## What this task involves
Everything in the records must be copied exactly, apart from the pictures.
****************
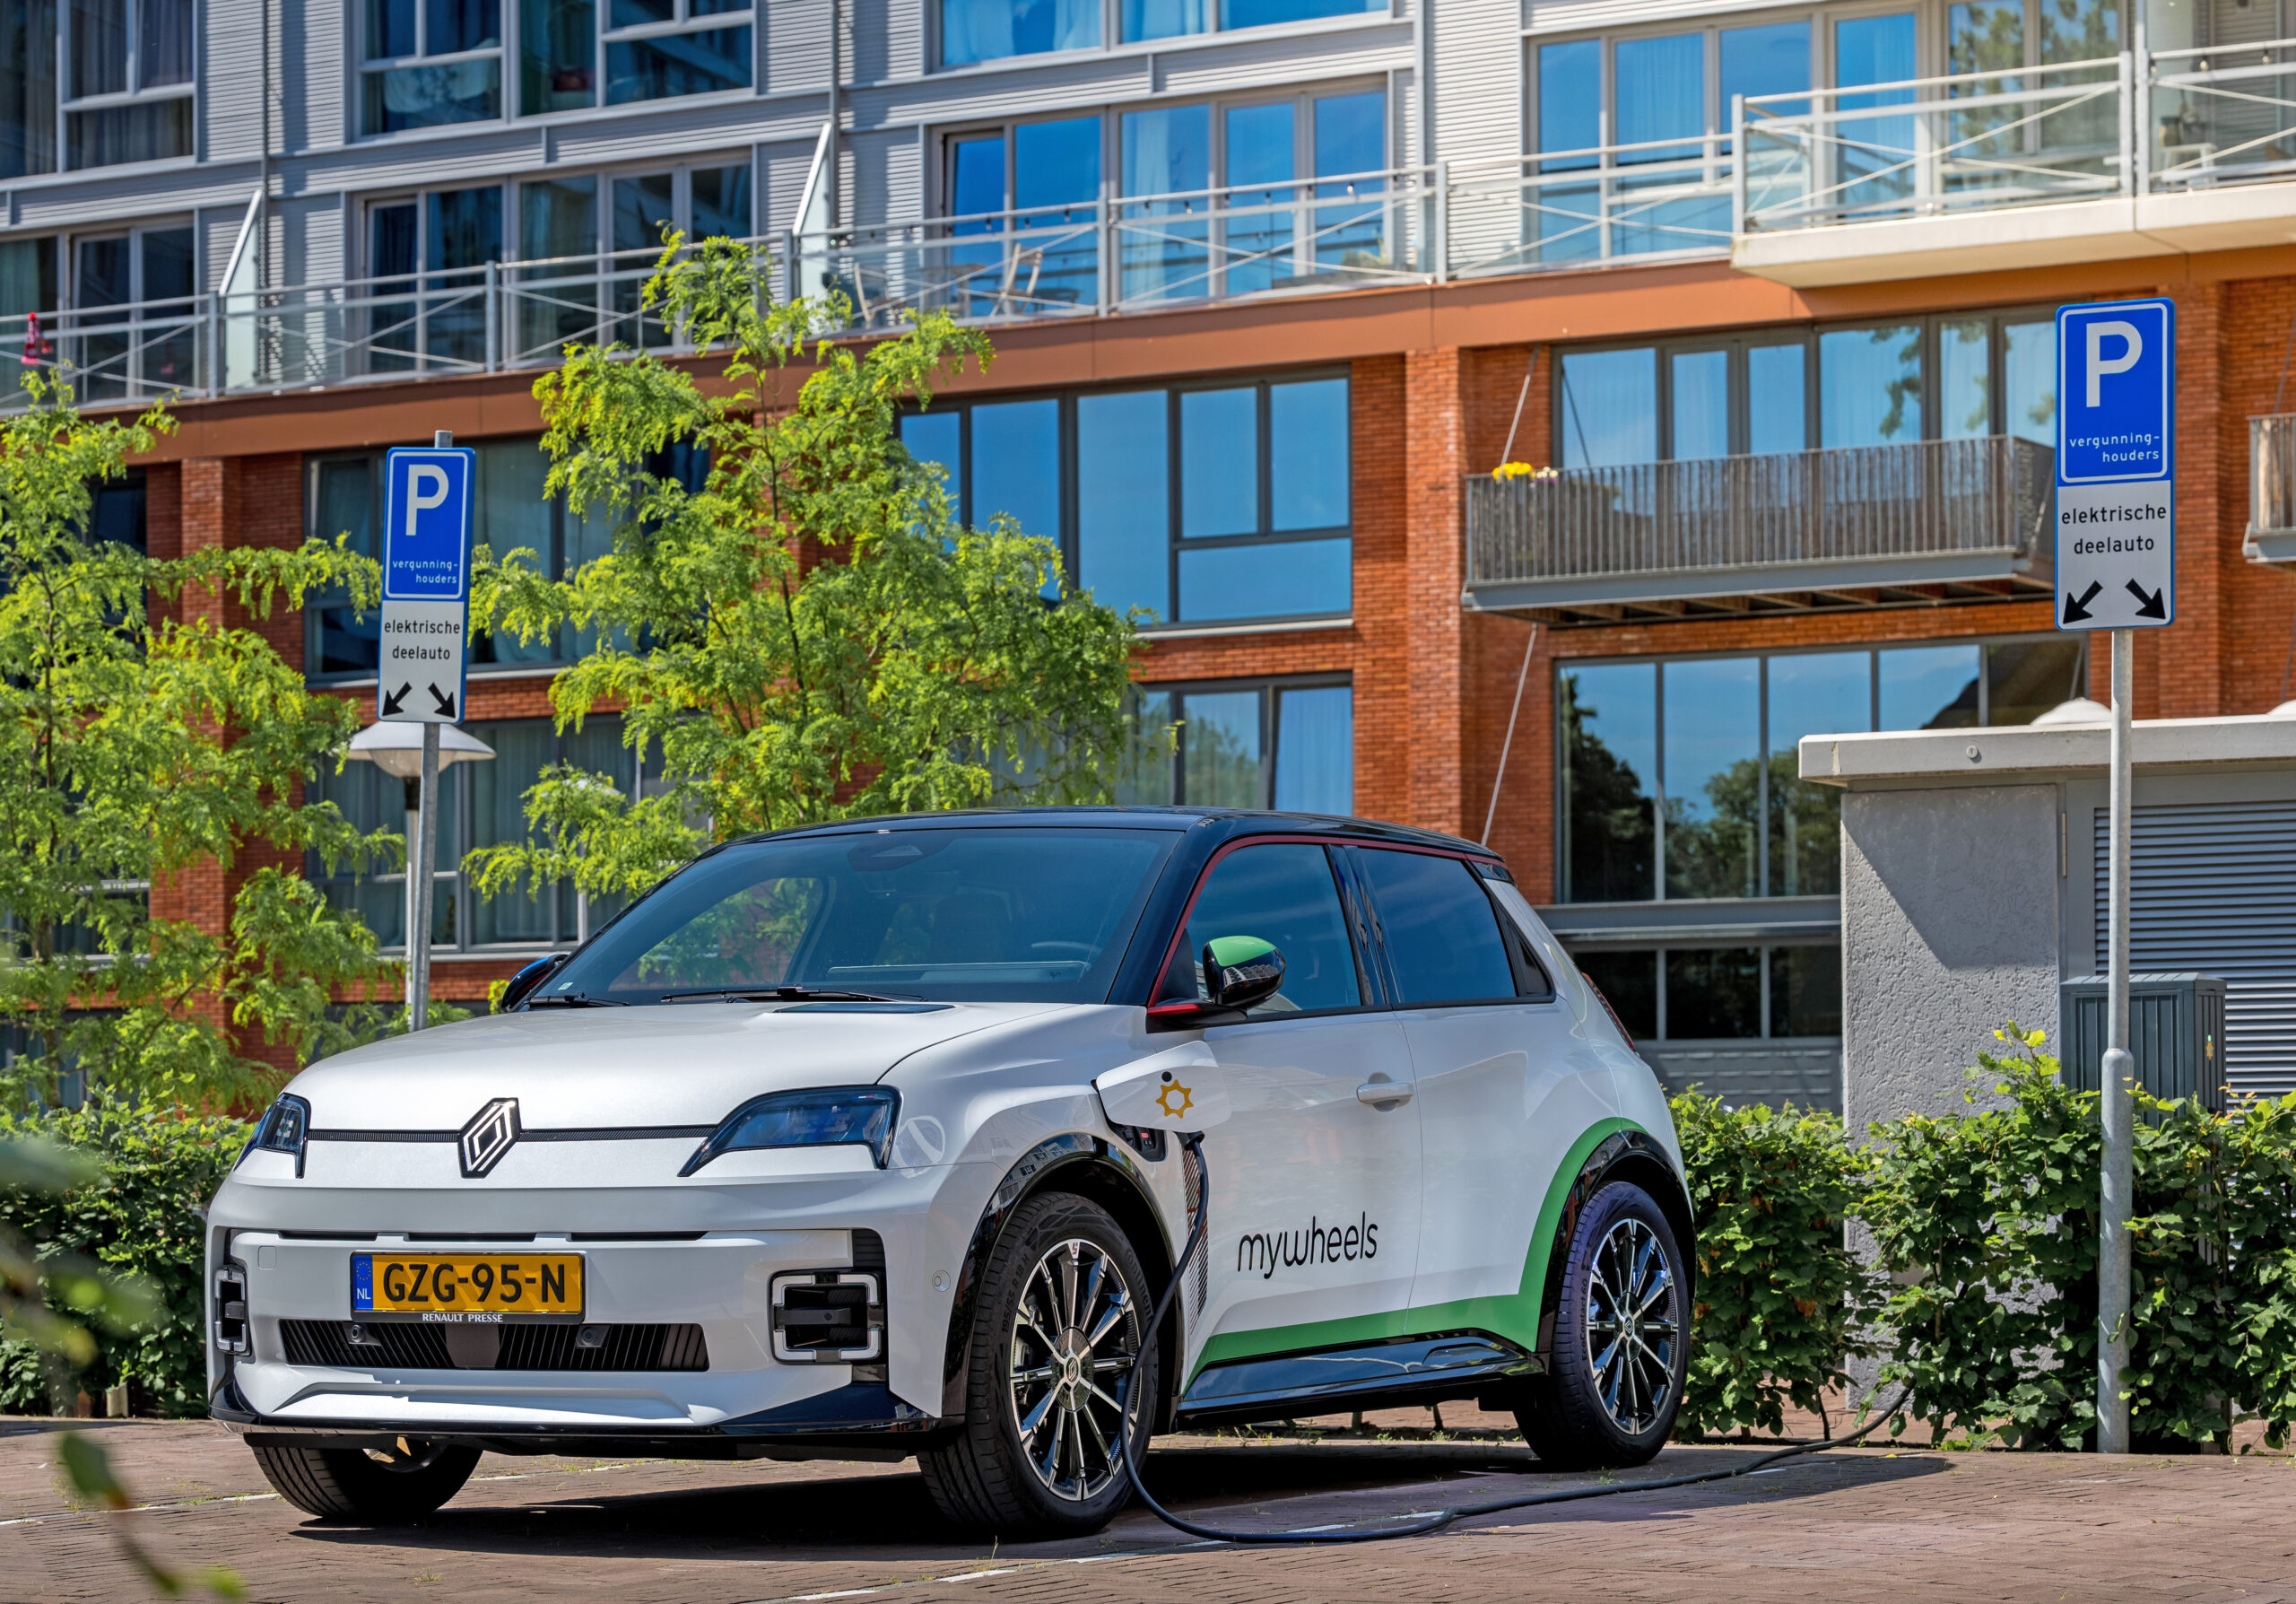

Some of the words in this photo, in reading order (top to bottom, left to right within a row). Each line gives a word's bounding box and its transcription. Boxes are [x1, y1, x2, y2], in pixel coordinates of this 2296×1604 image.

[2086, 320, 2143, 407] P
[2069, 432, 2160, 449] vergunning-
[2102, 449, 2160, 462] houders
[405, 464, 449, 536] P
[2061, 503, 2167, 525] elektrische
[2074, 535, 2154, 554] deelauto
[392, 559, 458, 571] vergunning-
[415, 573, 457, 584] houders
[384, 619, 460, 634] elektrische
[392, 645, 450, 660] deelauto
[1237, 1211, 1378, 1279] mywheels
[383, 1262, 566, 1303] GZG-95-N
[356, 1287, 371, 1301] NL
[422, 1313, 464, 1322] RENAULT
[468, 1313, 503, 1323] PRESSE
****************
## Solution to this exercise
Some of the words in this photo, in reading order (top to bottom, left to right within a row). Each line gives a word's bounding box and its transcription. Boxes are [x1, y1, x2, y2], in pixel coordinates of this 2296×1604 image.

[2086, 320, 2143, 407] P
[2069, 432, 2160, 449] vergunning-
[2102, 449, 2160, 462] houders
[405, 464, 449, 536] P
[2061, 503, 2167, 525] elektrische
[2074, 535, 2154, 554] deelauto
[392, 559, 458, 571] vergunning-
[415, 573, 457, 584] houders
[384, 619, 460, 634] elektrische
[392, 645, 450, 660] deelauto
[1237, 1211, 1378, 1279] mywheels
[383, 1262, 566, 1303] GZG-95-N
[356, 1287, 371, 1301] NL
[422, 1313, 464, 1322] RENAULT
[468, 1313, 503, 1323] PRESSE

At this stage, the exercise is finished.